§ **Activity**
Drop the pictures, then repeat every record exactly as it stands.

§ **Record excerpts**

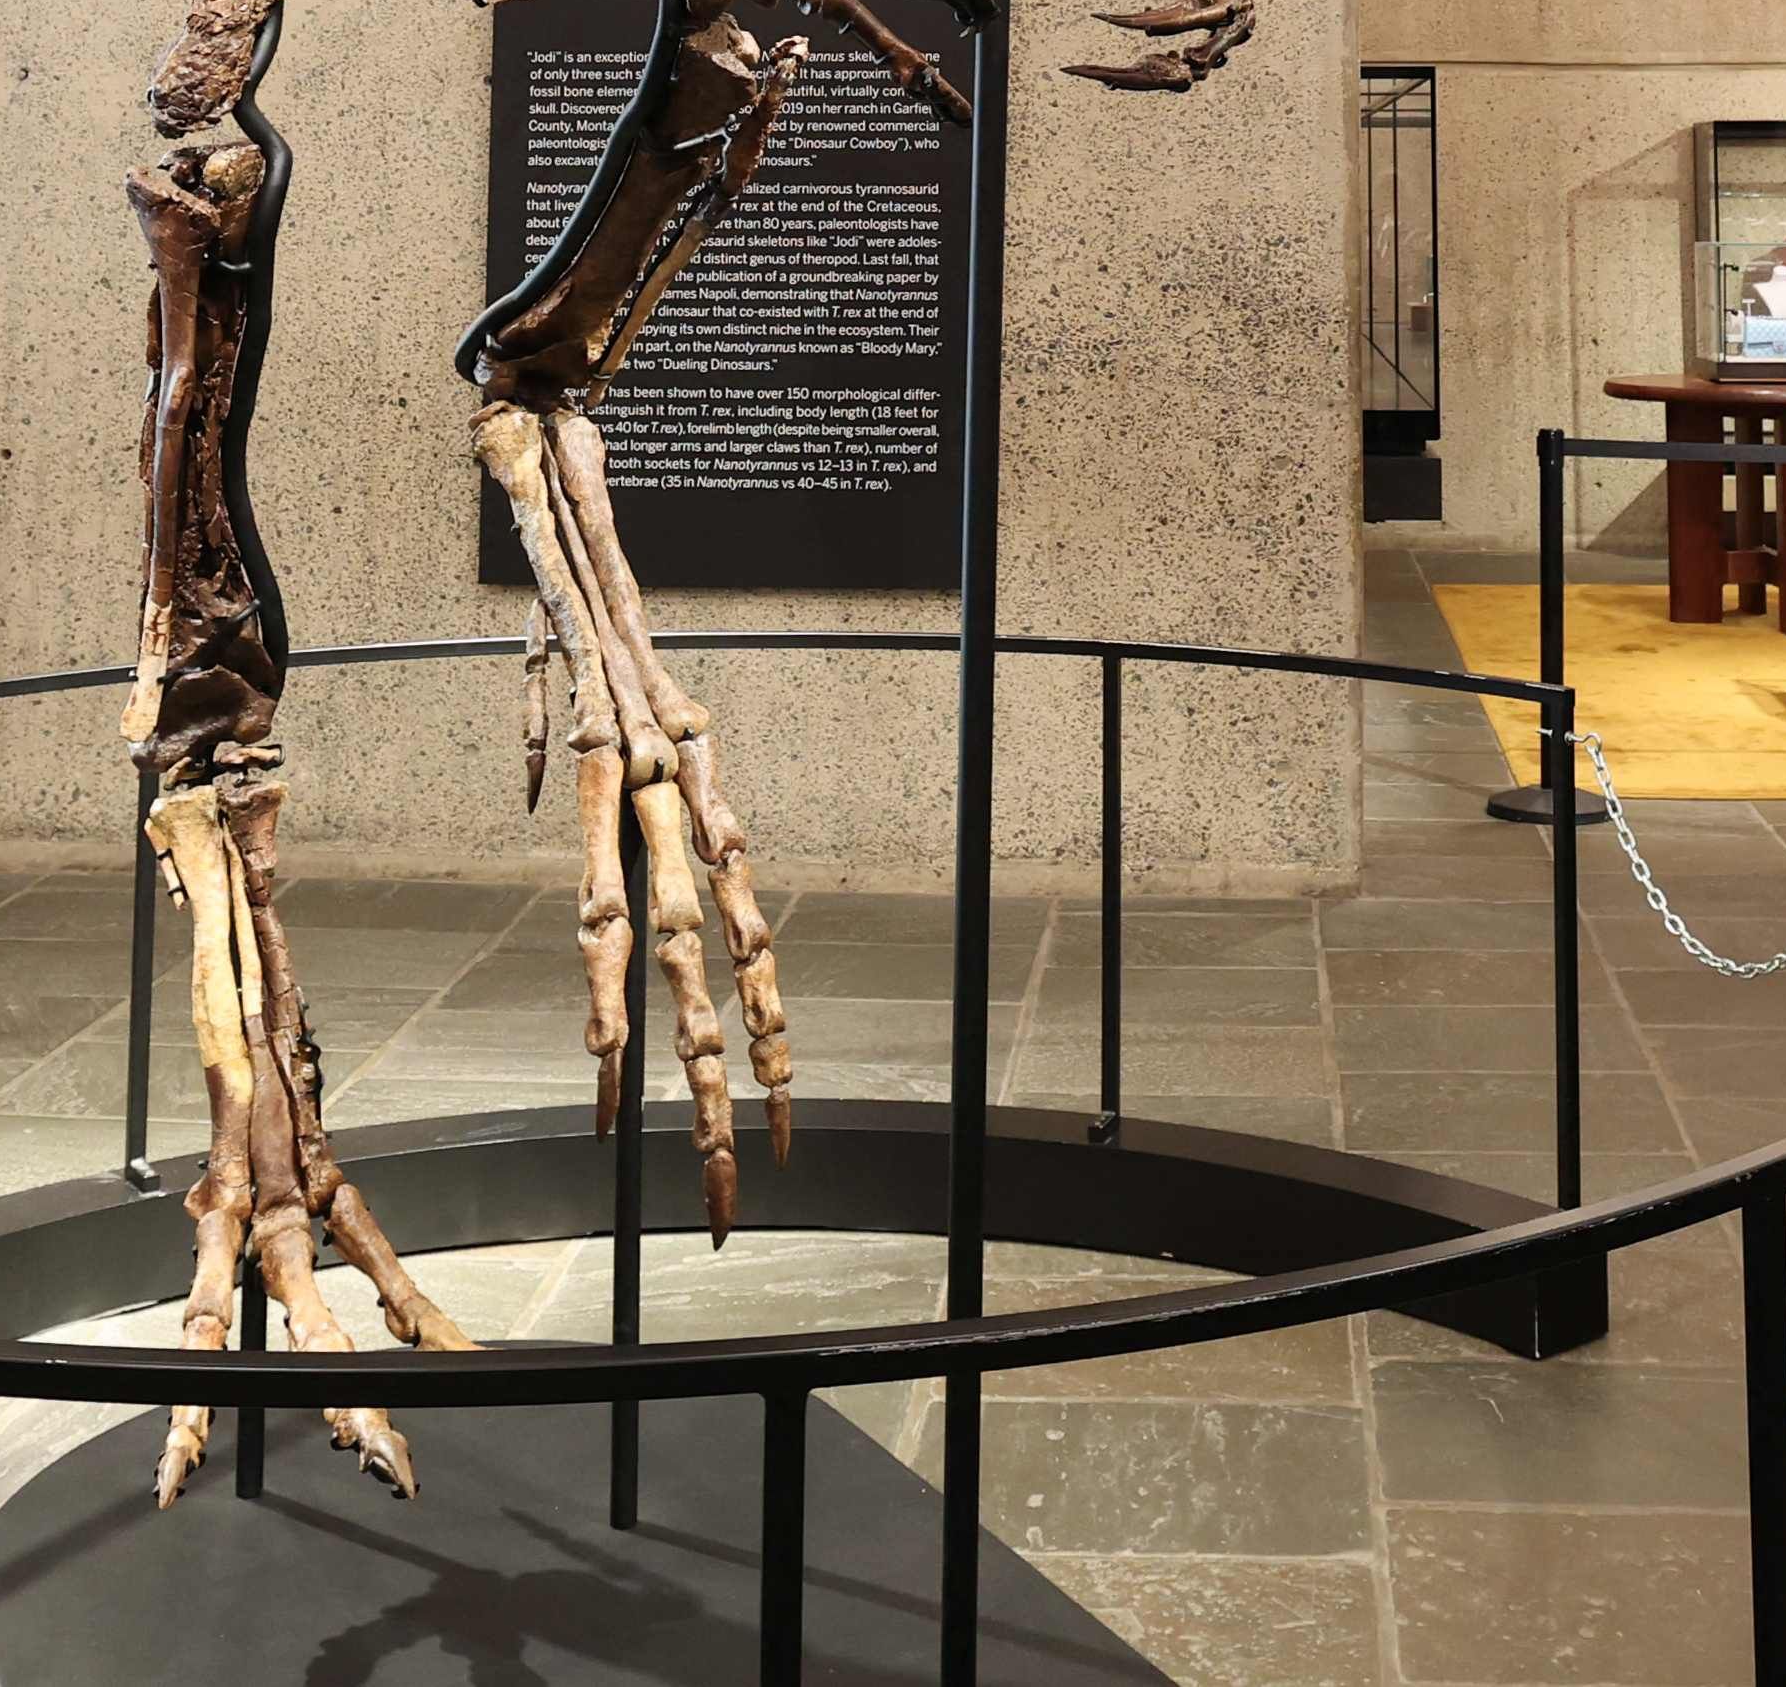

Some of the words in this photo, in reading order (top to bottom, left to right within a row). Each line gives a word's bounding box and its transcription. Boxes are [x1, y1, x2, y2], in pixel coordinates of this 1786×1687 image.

[564, 52, 574, 62] is
[577, 54, 591, 62] an
[530, 68, 542, 80] of
[544, 68, 568, 82] only
[572, 69, 602, 80] three
[605, 69, 632, 80] such
[800, 68, 811, 79] It
[811, 68, 832, 79] has
[530, 86, 560, 97] fossil
[564, 86, 594, 97] bone
[831, 85, 879, 99] virtually
[529, 103, 558, 114] skull.
[561, 103, 625, 115] Discovered
[806, 105, 820, 114] on
[823, 103, 842, 114] her
[845, 103, 878, 114] ranch
[880, 103, 891, 113] in
[790, 120, 804, 134] by
[807, 120, 865, 131] renowned
[869, 121, 939, 131] commercial
[766, 137, 786, 149] the
[915, 138, 939, 149] who
[528, 155, 552, 165] also
[783, 183, 852, 194] carnivorous
[856, 184, 939, 197] tyrannosaurid
[527, 199, 551, 211] that
[739, 200, 759, 211] rex
[762, 201, 774, 211] at
[778, 200, 798, 211] the
[801, 201, 824, 211] end
[828, 200, 840, 212] of
[844, 201, 863, 212] the
[526, 217, 560, 228] about
[734, 218, 761, 229] than
[762, 217, 779, 229] 80
[819, 218, 908, 232] paleontologists
[911, 218, 939, 230] have
[747, 235, 804, 247] skeletons
[807, 236, 827, 247] like
[866, 238, 895, 247] were
[898, 236, 941, 247] adoles-
[703, 253, 747, 264] distinct
[750, 255, 786, 267] genus
[788, 253, 800, 264] of
[803, 253, 860, 267] theropod.
[863, 253, 889, 265] Last
[915, 254, 939, 265] that
[697, 270, 762, 283] publication
[765, 270, 777, 281] of
[779, 273, 786, 281] a
[789, 271, 884, 285] groundbreaking
[887, 274, 921, 285] paper
[924, 272, 938, 285] by
[742, 288, 828, 302] demonstrating
[828, 289, 854, 301] that
[854, 289, 938, 303] Nanotyrannus
[656, 303, 710, 316] dinosaur
[713, 305, 736, 317] that
[739, 306, 801, 317] co-existed
[803, 306, 829, 317] with
[843, 309, 861, 318] rex
[864, 307, 876, 318] at
[882, 307, 899, 318] the
[901, 307, 924, 318] end
[926, 307, 938, 318] of
[680, 323, 694, 334] its
[696, 326, 721, 334] own
[722, 323, 767, 335] distinct
[769, 324, 801, 335] niche
[804, 324, 814, 335] in
[817, 324, 836, 335] the
[839, 325, 907, 338] ecosystem.
[908, 324, 940, 336] Their
[632, 339, 643, 351] in
[675, 343, 690, 352] on
[693, 341, 712, 352] the
[714, 341, 796, 355] Nanotyrannus
[799, 342, 838, 353] known
[840, 345, 854, 353] as
[634, 358, 655, 369] two
[608, 385, 630, 397] has
[634, 386, 664, 398] been
[667, 387, 706, 398] shown
[710, 388, 722, 398] to
[725, 387, 754, 399] have
[757, 390, 784, 399] over
[787, 387, 809, 399] 150
[813, 388, 900, 402] morphological
[903, 389, 940, 400] differ-
[657, 405, 664, 415] it
[668, 404, 697, 416] from
[738, 405, 793, 419] including
[796, 406, 826, 420] body
[830, 406, 868, 420] length
[872, 406, 891, 419] (18
[895, 407, 918, 418] feet
[922, 407, 939, 418] for
[601, 424, 615, 435] vs
[614, 421, 632, 433] 40
[633, 422, 650, 433] for
[687, 422, 735, 434] forelimb
[735, 423, 772, 437] length
[772, 423, 820, 437] (despite
[821, 424, 854, 438] being
[854, 425, 898, 437] smaller
[604, 439, 627, 453] had
[631, 439, 668, 454] longer
[670, 443, 701, 452] arms
[704, 441, 727, 452] and
[730, 441, 764, 455] larger
[767, 441, 800, 453] claws
[803, 442, 830, 453] than
[875, 443, 923, 454] number
[926, 443, 937, 454] of
[609, 458, 641, 468] tooth
[645, 458, 691, 469] sockets
[694, 458, 711, 470] for
[714, 458, 798, 473] Nanotyrannus
[801, 462, 815, 471] vs
[857, 460, 867, 471] in
[913, 461, 936, 472] and
[661, 475, 682, 489] (35
[684, 476, 694, 487] in
[697, 476, 779, 490] Nanotyrannus
[782, 480, 796, 489] vs
[841, 478, 851, 489] in

§ **Answer for this exercise**
Some of the words in this photo, in reading order (top to bottom, left to right within a row). Each line gives a word's bounding box and its transcription. Boxes are [x1, y1, x2, y2], in pixel coordinates of this 1786×1687 image.

[564, 52, 574, 62] is
[577, 54, 591, 62] an
[530, 68, 542, 80] of
[544, 68, 568, 82] only
[572, 69, 602, 80] three
[605, 69, 632, 80] such
[800, 68, 811, 79] It
[811, 68, 832, 79] has
[530, 86, 560, 97] fossil
[564, 86, 594, 97] bone
[831, 85, 879, 99] virtually
[529, 103, 558, 114] skull.
[561, 103, 625, 115] Discovered
[806, 105, 820, 114] on
[823, 103, 842, 114] her
[845, 103, 878, 114] ranch
[880, 103, 891, 113] in
[790, 120, 804, 134] by
[807, 120, 865, 131] renowned
[869, 121, 939, 131] commercial
[766, 137, 786, 149] the
[915, 138, 939, 149] who
[528, 155, 552, 165] also
[783, 183, 852, 194] carnivorous
[856, 184, 939, 197] tyrannosaurid
[527, 199, 551, 211] that
[739, 200, 759, 211] rex
[762, 201, 774, 211] at
[778, 200, 798, 211] the
[801, 201, 824, 211] end
[828, 200, 840, 212] of
[844, 201, 863, 212] the
[526, 217, 560, 228] about
[734, 218, 761, 229] than
[762, 217, 779, 229] 80
[819, 218, 908, 232] paleontologists
[911, 218, 939, 230] have
[747, 235, 804, 247] skeletons
[807, 236, 827, 247] like
[866, 238, 895, 247] were
[898, 236, 941, 247] adoles-
[703, 253, 747, 264] distinct
[750, 255, 786, 267] genus
[788, 253, 800, 264] of
[803, 253, 860, 267] theropod.
[863, 253, 889, 265] Last
[915, 254, 939, 265] that
[697, 270, 762, 283] publication
[765, 270, 777, 281] of
[779, 273, 786, 281] a
[789, 271, 884, 285] groundbreaking
[887, 274, 921, 285] paper
[924, 272, 938, 285] by
[742, 288, 828, 302] demonstrating
[828, 289, 854, 301] that
[854, 289, 938, 303] Nanotyrannus
[656, 303, 710, 316] dinosaur
[713, 305, 736, 317] that
[739, 306, 801, 317] co-existed
[803, 306, 829, 317] with
[843, 309, 861, 318] rex
[864, 307, 876, 318] at
[882, 307, 899, 318] the
[901, 307, 924, 318] end
[926, 307, 938, 318] of
[680, 323, 694, 334] its
[696, 326, 721, 334] own
[722, 323, 767, 335] distinct
[769, 324, 801, 335] niche
[804, 324, 814, 335] in
[817, 324, 836, 335] the
[839, 325, 907, 338] ecosystem.
[908, 324, 940, 336] Their
[632, 339, 643, 351] in
[675, 343, 690, 352] on
[693, 341, 712, 352] the
[714, 341, 796, 355] Nanotyrannus
[799, 342, 838, 353] known
[840, 345, 854, 353] as
[634, 358, 655, 369] two
[608, 385, 630, 397] has
[634, 386, 664, 398] been
[667, 387, 706, 398] shown
[710, 388, 722, 398] to
[725, 387, 754, 399] have
[757, 390, 784, 399] over
[787, 387, 809, 399] 150
[813, 388, 900, 402] morphological
[903, 389, 940, 400] differ-
[657, 405, 664, 415] it
[668, 404, 697, 416] from
[738, 405, 793, 419] including
[796, 406, 826, 420] body
[830, 406, 868, 420] length
[872, 406, 891, 419] (18
[895, 407, 918, 418] feet
[922, 407, 939, 418] for
[601, 424, 615, 435] vs
[614, 421, 632, 433] 40
[633, 422, 650, 433] for
[687, 422, 735, 434] forelimb
[735, 423, 772, 437] length
[772, 423, 820, 437] (despite
[821, 424, 854, 438] being
[854, 425, 898, 437] smaller
[604, 439, 627, 453] had
[631, 439, 668, 454] longer
[670, 443, 701, 452] arms
[704, 441, 727, 452] and
[730, 441, 764, 455] larger
[767, 441, 800, 453] claws
[803, 442, 830, 453] than
[875, 443, 923, 454] number
[926, 443, 937, 454] of
[609, 458, 641, 468] tooth
[645, 458, 691, 469] sockets
[694, 458, 711, 470] for
[714, 458, 798, 473] Nanotyrannus
[801, 462, 815, 471] vs
[857, 460, 867, 471] in
[913, 461, 936, 472] and
[661, 475, 682, 489] (35
[684, 476, 694, 487] in
[697, 476, 779, 490] Nanotyrannus
[782, 480, 796, 489] vs
[841, 478, 851, 489] in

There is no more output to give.